Instructions for the task: Reproduce, word for word, every line starting at the line that contains "this 1920×1440 image." and ending with the final line of the entries.

Entries supplied:
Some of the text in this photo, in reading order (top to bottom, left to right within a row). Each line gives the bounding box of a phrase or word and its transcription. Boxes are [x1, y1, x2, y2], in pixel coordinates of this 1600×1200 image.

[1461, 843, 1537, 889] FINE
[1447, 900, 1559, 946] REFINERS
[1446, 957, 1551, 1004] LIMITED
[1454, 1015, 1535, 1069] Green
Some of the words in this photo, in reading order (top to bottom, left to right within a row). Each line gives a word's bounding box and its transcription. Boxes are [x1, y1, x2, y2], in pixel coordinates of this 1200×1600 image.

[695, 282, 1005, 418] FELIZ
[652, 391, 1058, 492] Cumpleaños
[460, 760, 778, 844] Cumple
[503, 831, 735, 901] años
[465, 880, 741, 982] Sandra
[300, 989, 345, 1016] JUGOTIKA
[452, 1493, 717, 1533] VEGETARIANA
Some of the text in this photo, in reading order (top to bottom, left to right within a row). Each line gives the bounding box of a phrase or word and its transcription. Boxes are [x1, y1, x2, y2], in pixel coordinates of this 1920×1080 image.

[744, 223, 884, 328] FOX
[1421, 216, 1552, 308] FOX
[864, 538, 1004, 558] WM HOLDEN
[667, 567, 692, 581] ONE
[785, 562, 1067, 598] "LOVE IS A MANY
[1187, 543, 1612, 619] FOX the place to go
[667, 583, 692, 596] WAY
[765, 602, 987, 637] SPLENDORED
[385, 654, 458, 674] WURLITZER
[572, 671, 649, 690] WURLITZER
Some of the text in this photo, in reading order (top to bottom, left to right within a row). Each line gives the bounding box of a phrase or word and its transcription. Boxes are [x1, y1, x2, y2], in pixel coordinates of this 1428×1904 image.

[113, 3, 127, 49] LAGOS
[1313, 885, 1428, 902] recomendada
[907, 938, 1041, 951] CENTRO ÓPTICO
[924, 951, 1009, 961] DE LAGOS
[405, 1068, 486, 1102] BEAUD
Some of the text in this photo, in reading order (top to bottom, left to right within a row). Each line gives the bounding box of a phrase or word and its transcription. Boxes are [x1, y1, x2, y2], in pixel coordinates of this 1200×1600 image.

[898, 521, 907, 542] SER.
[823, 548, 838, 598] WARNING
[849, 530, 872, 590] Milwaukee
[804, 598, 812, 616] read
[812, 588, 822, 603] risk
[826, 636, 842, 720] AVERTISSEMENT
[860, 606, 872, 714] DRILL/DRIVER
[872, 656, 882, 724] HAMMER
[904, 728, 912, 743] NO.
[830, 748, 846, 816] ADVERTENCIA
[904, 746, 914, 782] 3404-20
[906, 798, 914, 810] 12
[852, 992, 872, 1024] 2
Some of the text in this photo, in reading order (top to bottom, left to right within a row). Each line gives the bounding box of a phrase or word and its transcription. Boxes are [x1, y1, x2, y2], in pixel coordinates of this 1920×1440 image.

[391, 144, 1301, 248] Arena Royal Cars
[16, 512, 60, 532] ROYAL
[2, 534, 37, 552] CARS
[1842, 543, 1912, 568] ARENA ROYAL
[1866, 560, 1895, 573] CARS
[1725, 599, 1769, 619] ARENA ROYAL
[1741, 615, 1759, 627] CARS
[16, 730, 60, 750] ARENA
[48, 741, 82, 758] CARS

Response for this exercise:
Some of the text in this photo, in reading order (top to bottom, left to right within a row). Each line gives the bounding box of a phrase or word and its transcription. Boxes are [x1, y1, x2, y2], in pixel coordinates of this 1920×1440 image.

[391, 144, 1301, 248] Arena Royal Cars
[16, 512, 60, 532] ROYAL
[2, 534, 37, 552] CARS
[1842, 543, 1912, 568] ARENA ROYAL
[1866, 560, 1895, 573] CARS
[1725, 599, 1769, 619] ARENA ROYAL
[1741, 615, 1759, 627] CARS
[16, 730, 60, 750] ARENA
[48, 741, 82, 758] CARS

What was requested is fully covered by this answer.